Github workflow triggering check_suite.completed events prematurely

Hi,

I’ve set up GitHub Actions in a repo and created a workflow for CI. In this workflow, I have some 5 jobs which are triggered like this:

  • job 1: immediately

  • jobs 2, 3, 4: as job 1 successfuly finishes ( needs: [job1] )

  • job 5: as jobs 2, 3, 4 successfuly finish ( needs: [job2, job3, job4] )

I noticed that when job1 executes successfuly, thus triggering execution of the jobs that depend on it, a check_suite.completed(status = “success”) event  is emitted. Looking at the UI showing the workflow run, this happens well before the workflow completed executing all of its defined jobs.

Now, according to the docs:

GitHub Actions use the Checks API to output statuses, results, and logs for a workflow. GitHub creates a new check suite for each workflow triggered by the same event. The check suite contains a check run for each job in the workflow, and each job includes steps. GitHub Actions are run as a step in a workflow.

By this mapping of workflows to the checks API, the check_suite.completed event shoud trigger only after all the workflow jobs have ran. This would make sense.

In my use case, a webhook is listening to the check_suite.completed event to decide on approving a PR. Given that these events fire prematurely, it can very well be that approvals will be issued on an ultimately failing check_suites.

Worth noting, removing sequencing (the needs: [job*] statements), making all jobs run in parallel resolves this issue, with the check_suite.completed event triggering at the end of the workflow (according to the UI)

Has anyone else run into this issue? This looks like a bug to me.

Cheers!

3 Likes

Thanks for the report.  We’ll investigate.

1 Like

@acazacu@ethomson  this issue is currently happening to us with a custom app that we’ve created and I can repo it without a problem. We have more or less the same job calculation as you. 

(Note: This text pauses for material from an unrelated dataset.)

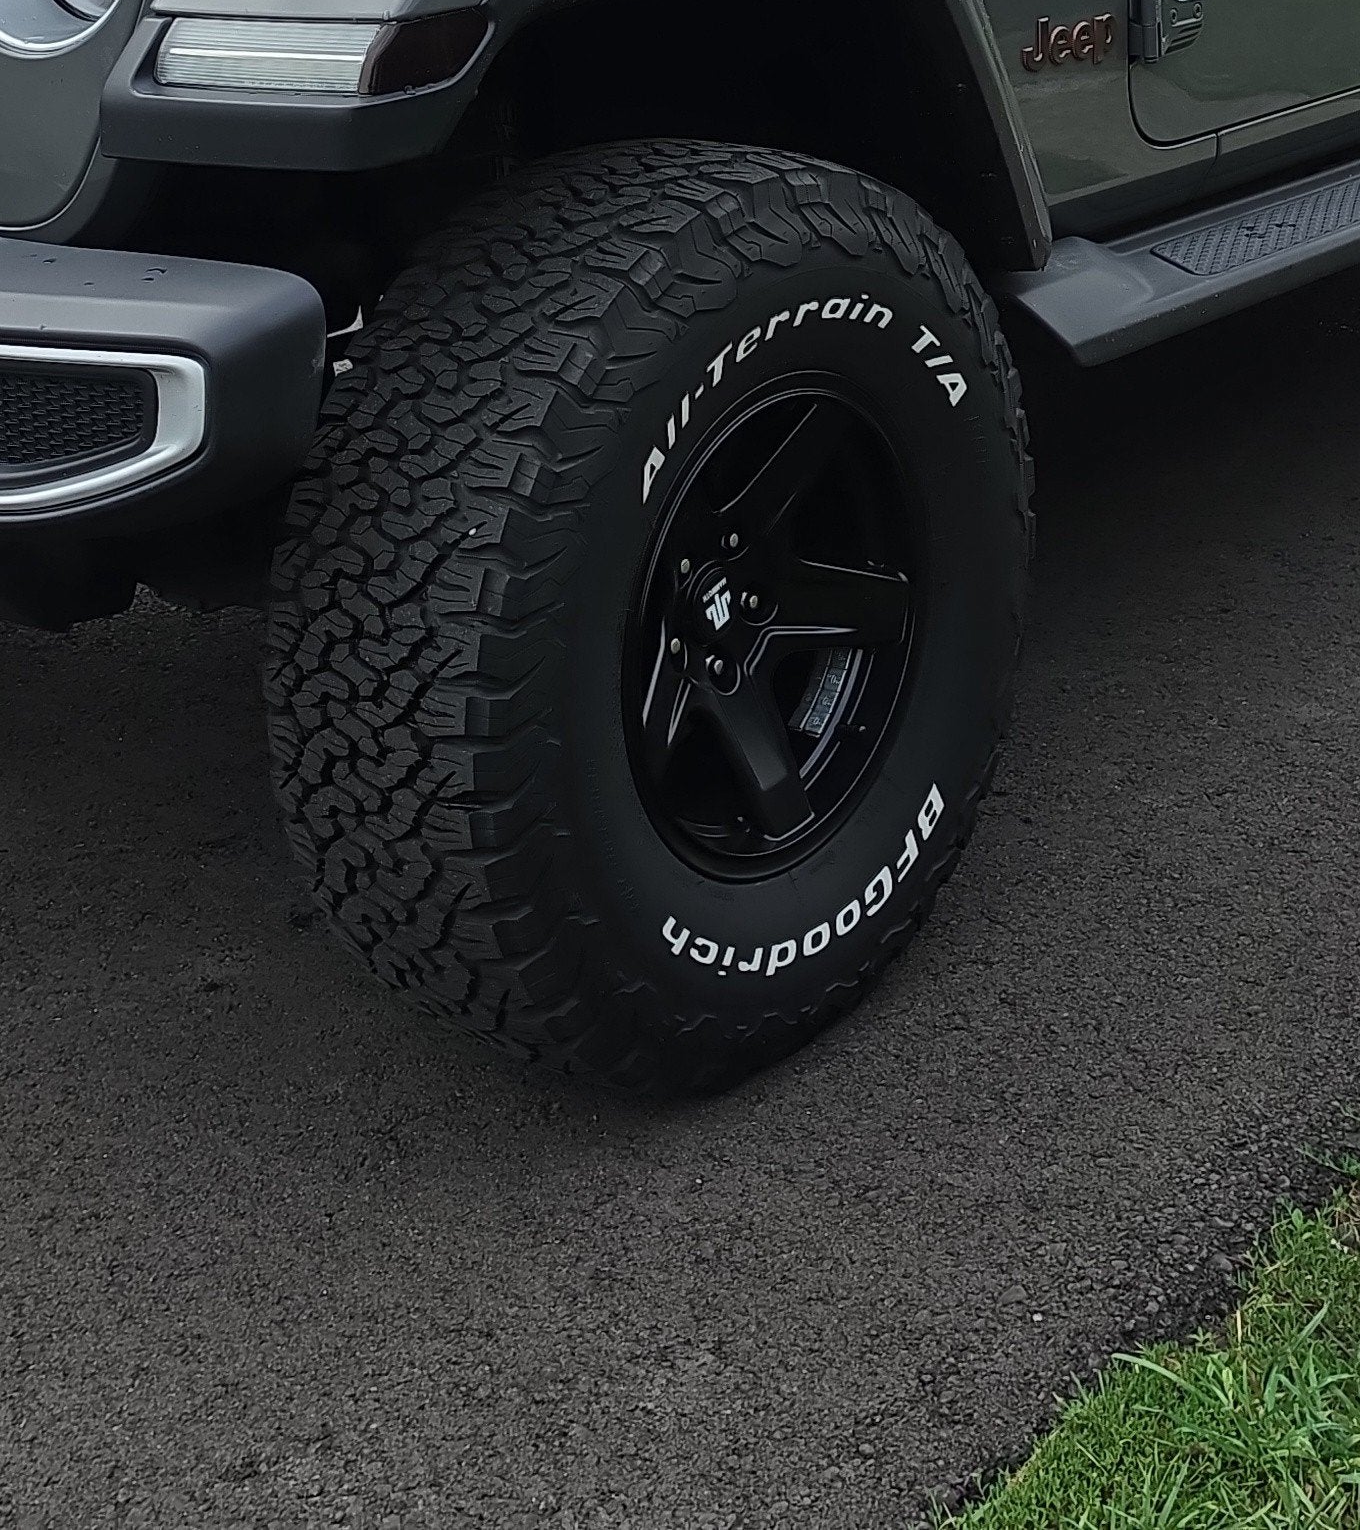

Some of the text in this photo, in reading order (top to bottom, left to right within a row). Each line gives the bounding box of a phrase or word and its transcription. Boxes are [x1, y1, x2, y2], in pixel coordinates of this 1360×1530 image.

[1021, 13, 1117, 72] Jeep
[642, 293, 894, 506] All-Terrain
[661, 782, 945, 977] BFGoodrich
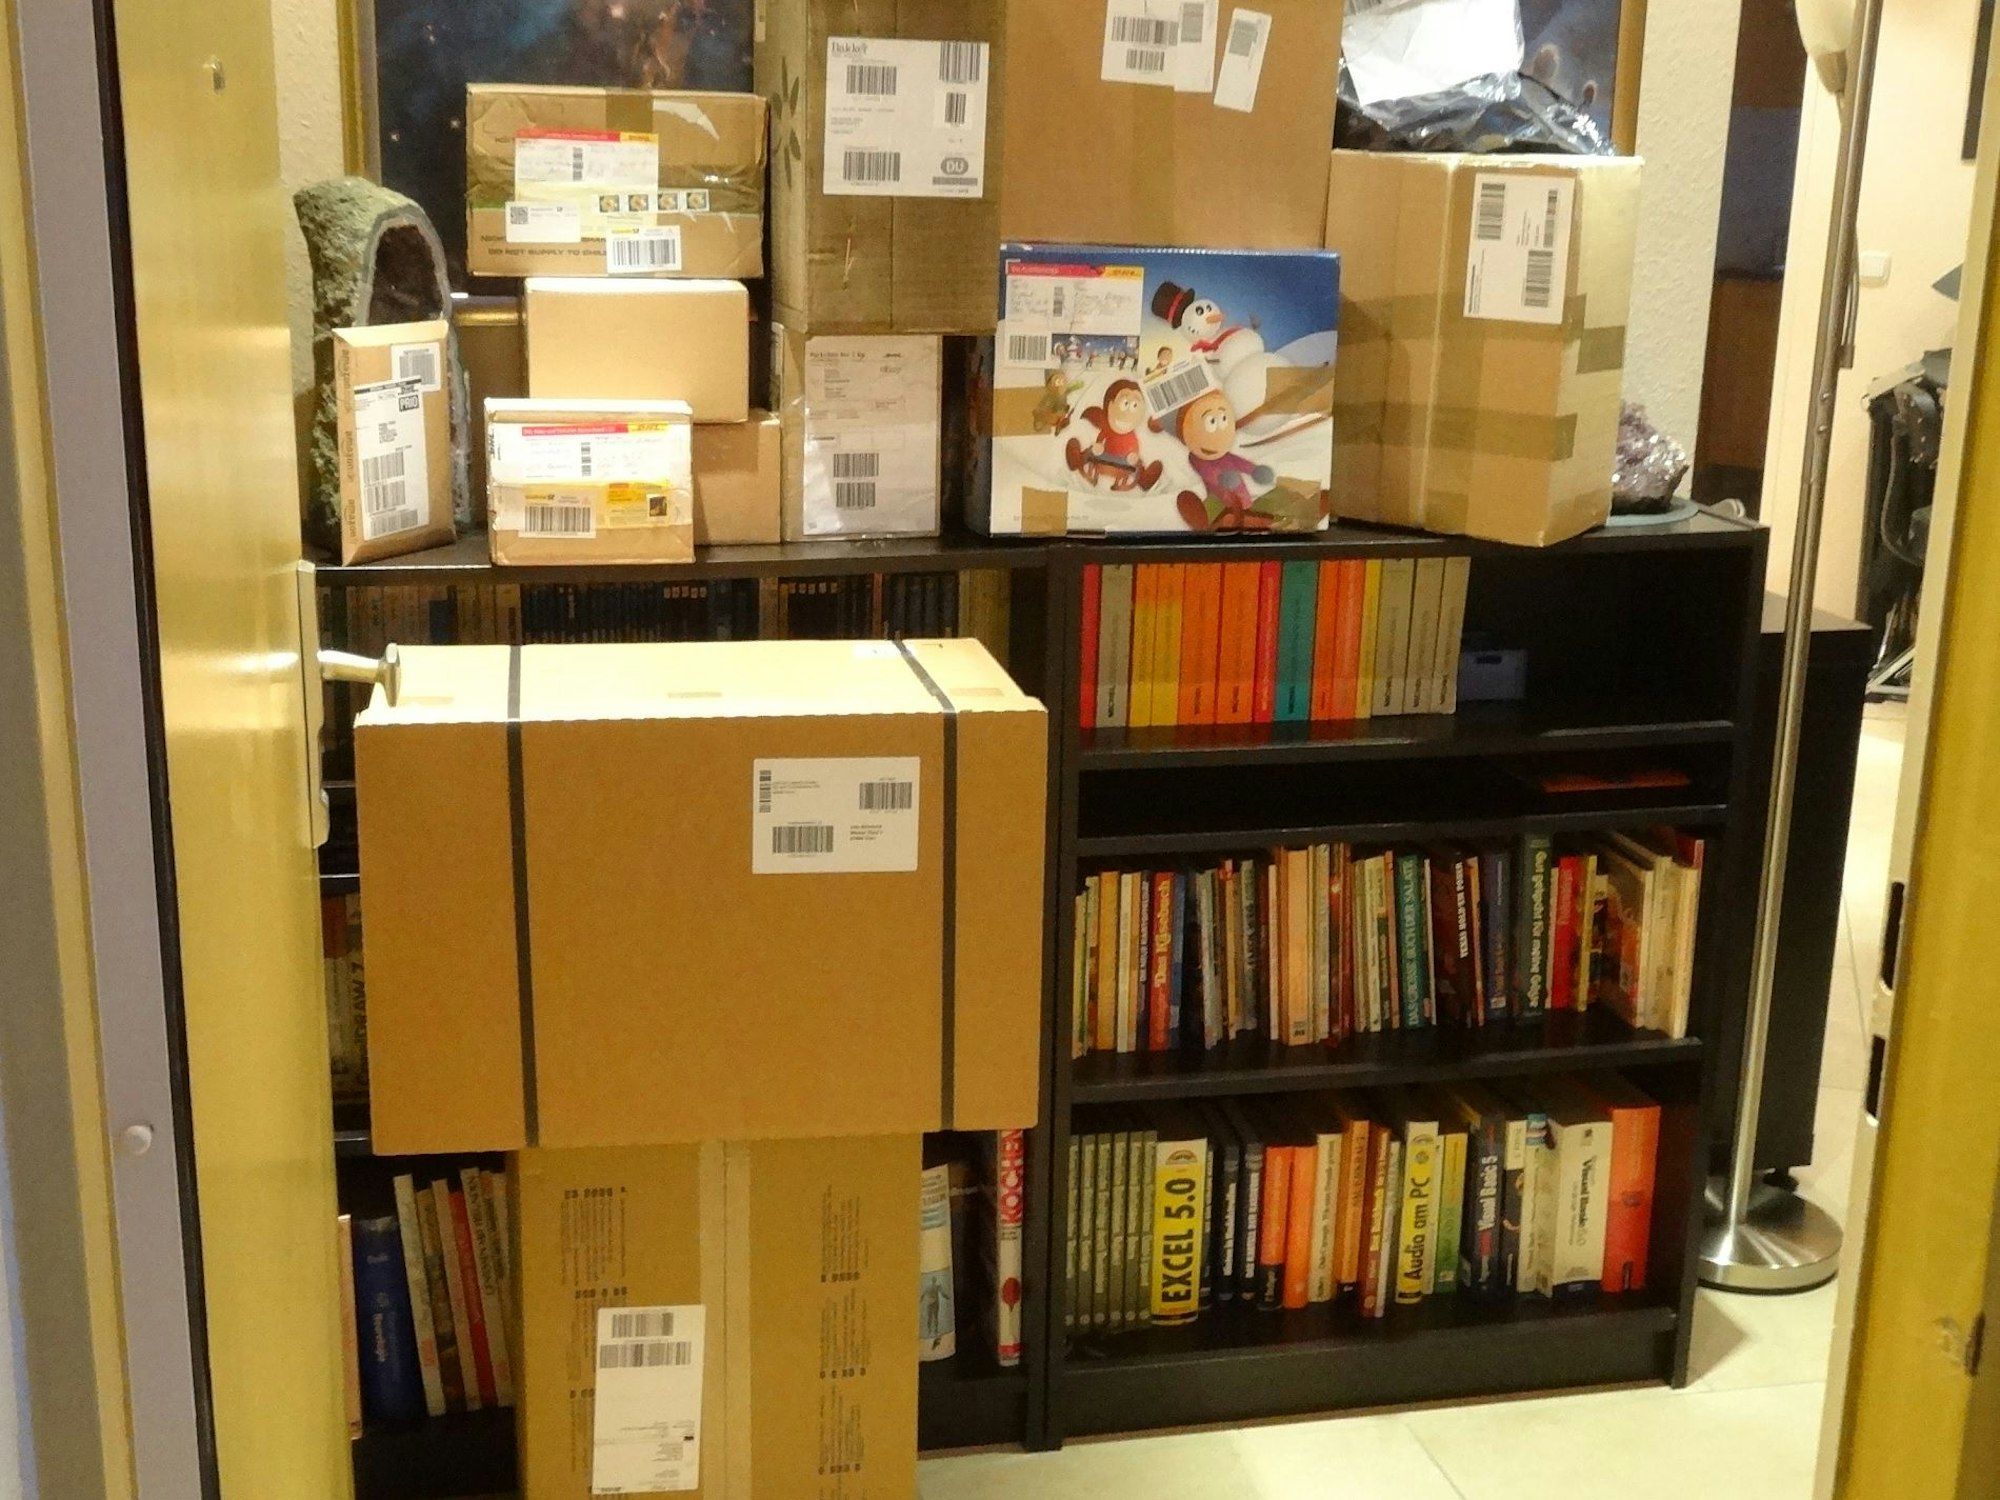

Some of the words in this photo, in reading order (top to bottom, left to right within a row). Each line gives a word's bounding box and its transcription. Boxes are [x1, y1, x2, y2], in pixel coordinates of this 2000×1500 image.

I tried a couple of tests but I haven’t been able to figure out what the exact timing is but basically if there is a sufficiently long gap between a check_run.conclusion == success and the next check_run.create, then the check_suite event with action == completed is triggered. It’s something in the seconds. Which to some extent I understand because Github doesn’t know, what it doesn’t know. i.e. how many check_runs are left and if there are any left at all

This is causing us to disable our auto merge ability for our enterprise since we listen for the check_suites to be completed and status == completed, and we are triggering these too early. 

Two possible workarounds that i can think of for an app would be

  1. Create a check_run ingestor/mapper that creates all the check_runs on pull request ingestion (decently large refactor)
  2. Figure out a way to ignore the first check_suite completion event (hack) - won’t work. Tested this yesterday, thinking there could be two events triggered for the same check_suite.id after the state was set back to in_progress, and there is only one check_suite.completed event per check_suite.id. 

it would be ideal to be able to tweak a value like { report_success_after: 60 seconds }, so that we can control it being reported too early at the source.